--- SUPPLIED DATA ---

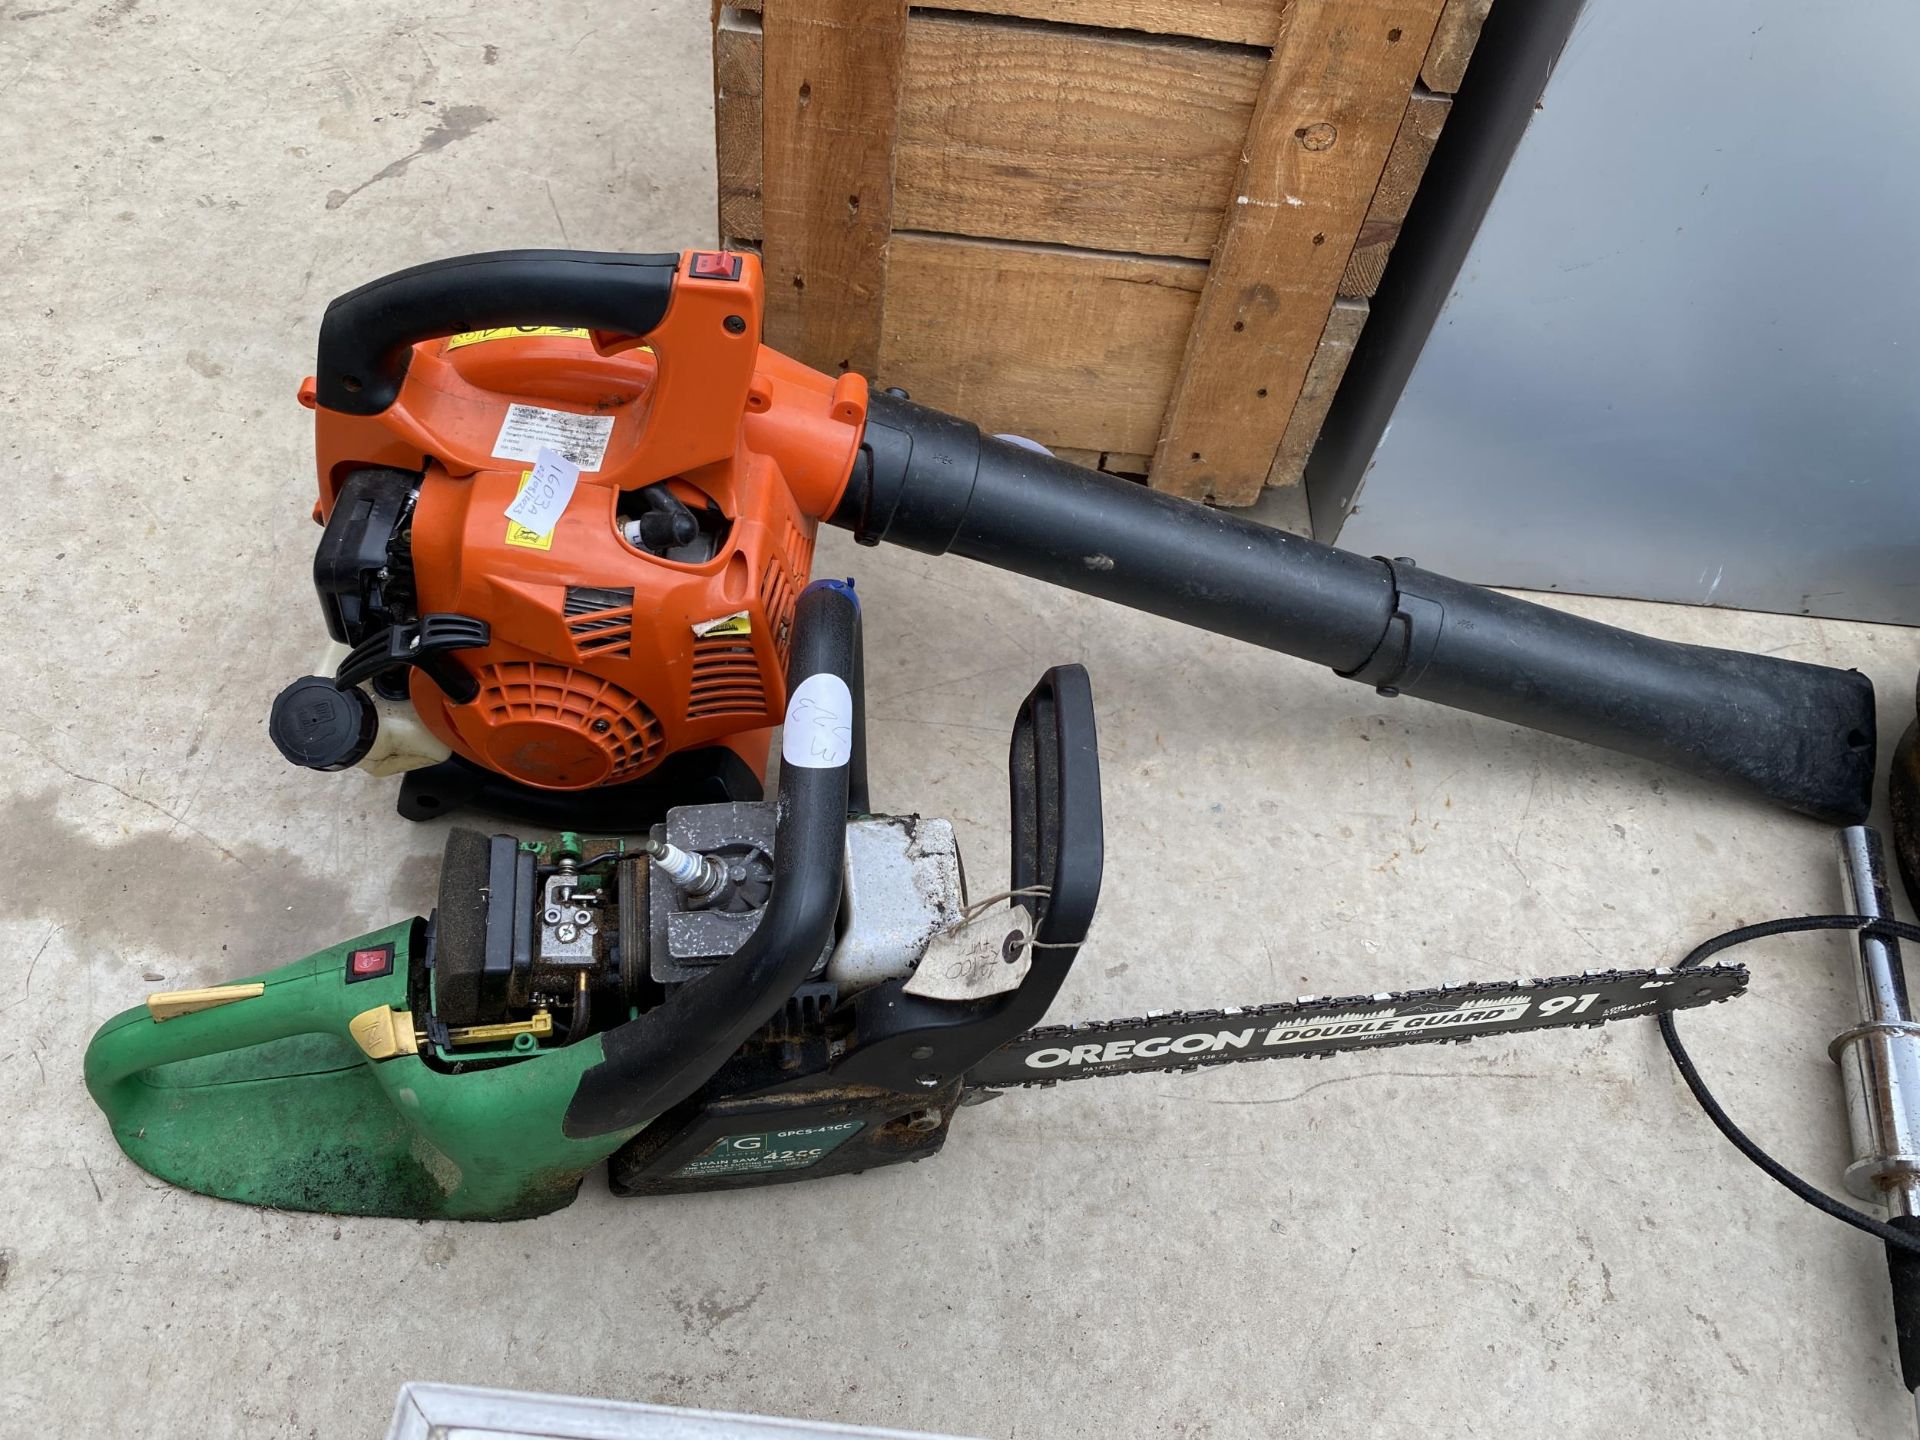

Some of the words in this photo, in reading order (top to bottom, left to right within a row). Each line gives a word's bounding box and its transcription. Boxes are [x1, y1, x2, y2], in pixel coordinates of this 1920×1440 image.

[1538, 993, 1601, 1019] 91
[1276, 1020, 1395, 1042] DOUBLE
[1403, 1009, 1505, 1029] GUARD
[1404, 1029, 1425, 1037] USA
[1025, 1028, 1256, 1069] OREGON
[733, 1137, 761, 1150] G
[691, 1159, 729, 1167] CHAIN
[732, 1156, 760, 1164] SAW

---

### ACTIVITY
Verbatim copy without images: write the records above out in full.

### ANSWER BOX
Some of the words in this photo, in reading order (top to bottom, left to right within a row). Each line gives a word's bounding box and its transcription. Boxes are [x1, y1, x2, y2], in pixel coordinates of this 1920×1440 image.

[1538, 993, 1601, 1019] 91
[1276, 1020, 1395, 1042] DOUBLE
[1403, 1009, 1505, 1029] GUARD
[1404, 1029, 1425, 1037] USA
[1025, 1028, 1256, 1069] OREGON
[733, 1137, 761, 1150] G
[691, 1159, 729, 1167] CHAIN
[732, 1156, 760, 1164] SAW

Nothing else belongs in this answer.